-- PROVIDED MATERIAL follows --

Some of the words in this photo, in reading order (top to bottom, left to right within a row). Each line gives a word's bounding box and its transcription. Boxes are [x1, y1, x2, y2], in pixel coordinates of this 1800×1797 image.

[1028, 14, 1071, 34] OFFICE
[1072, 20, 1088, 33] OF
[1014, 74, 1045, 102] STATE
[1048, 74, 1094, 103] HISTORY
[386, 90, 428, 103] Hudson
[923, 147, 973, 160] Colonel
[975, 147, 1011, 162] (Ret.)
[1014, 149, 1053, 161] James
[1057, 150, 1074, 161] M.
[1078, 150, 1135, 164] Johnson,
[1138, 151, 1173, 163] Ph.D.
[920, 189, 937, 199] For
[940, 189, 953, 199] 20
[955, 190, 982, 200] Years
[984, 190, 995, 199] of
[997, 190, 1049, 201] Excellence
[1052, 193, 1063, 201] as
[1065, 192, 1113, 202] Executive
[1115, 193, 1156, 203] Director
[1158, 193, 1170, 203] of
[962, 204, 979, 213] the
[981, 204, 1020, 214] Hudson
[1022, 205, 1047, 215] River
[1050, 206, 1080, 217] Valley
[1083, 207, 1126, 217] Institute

-- PROVIDED MATERIAL concluded --

#### [YOUR TASK]
The listing is to be given again exactly, line for line.

#### [WRITTEN REPLY]
Some of the words in this photo, in reading order (top to bottom, left to right within a row). Each line gives a word's bounding box and its transcription. Boxes are [x1, y1, x2, y2], in pixel coordinates of this 1800×1797 image.

[1028, 14, 1071, 34] OFFICE
[1072, 20, 1088, 33] OF
[1014, 74, 1045, 102] STATE
[1048, 74, 1094, 103] HISTORY
[386, 90, 428, 103] Hudson
[923, 147, 973, 160] Colonel
[975, 147, 1011, 162] (Ret.)
[1014, 149, 1053, 161] James
[1057, 150, 1074, 161] M.
[1078, 150, 1135, 164] Johnson,
[1138, 151, 1173, 163] Ph.D.
[920, 189, 937, 199] For
[940, 189, 953, 199] 20
[955, 190, 982, 200] Years
[984, 190, 995, 199] of
[997, 190, 1049, 201] Excellence
[1052, 193, 1063, 201] as
[1065, 192, 1113, 202] Executive
[1115, 193, 1156, 203] Director
[1158, 193, 1170, 203] of
[962, 204, 979, 213] the
[981, 204, 1020, 214] Hudson
[1022, 205, 1047, 215] River
[1050, 206, 1080, 217] Valley
[1083, 207, 1126, 217] Institute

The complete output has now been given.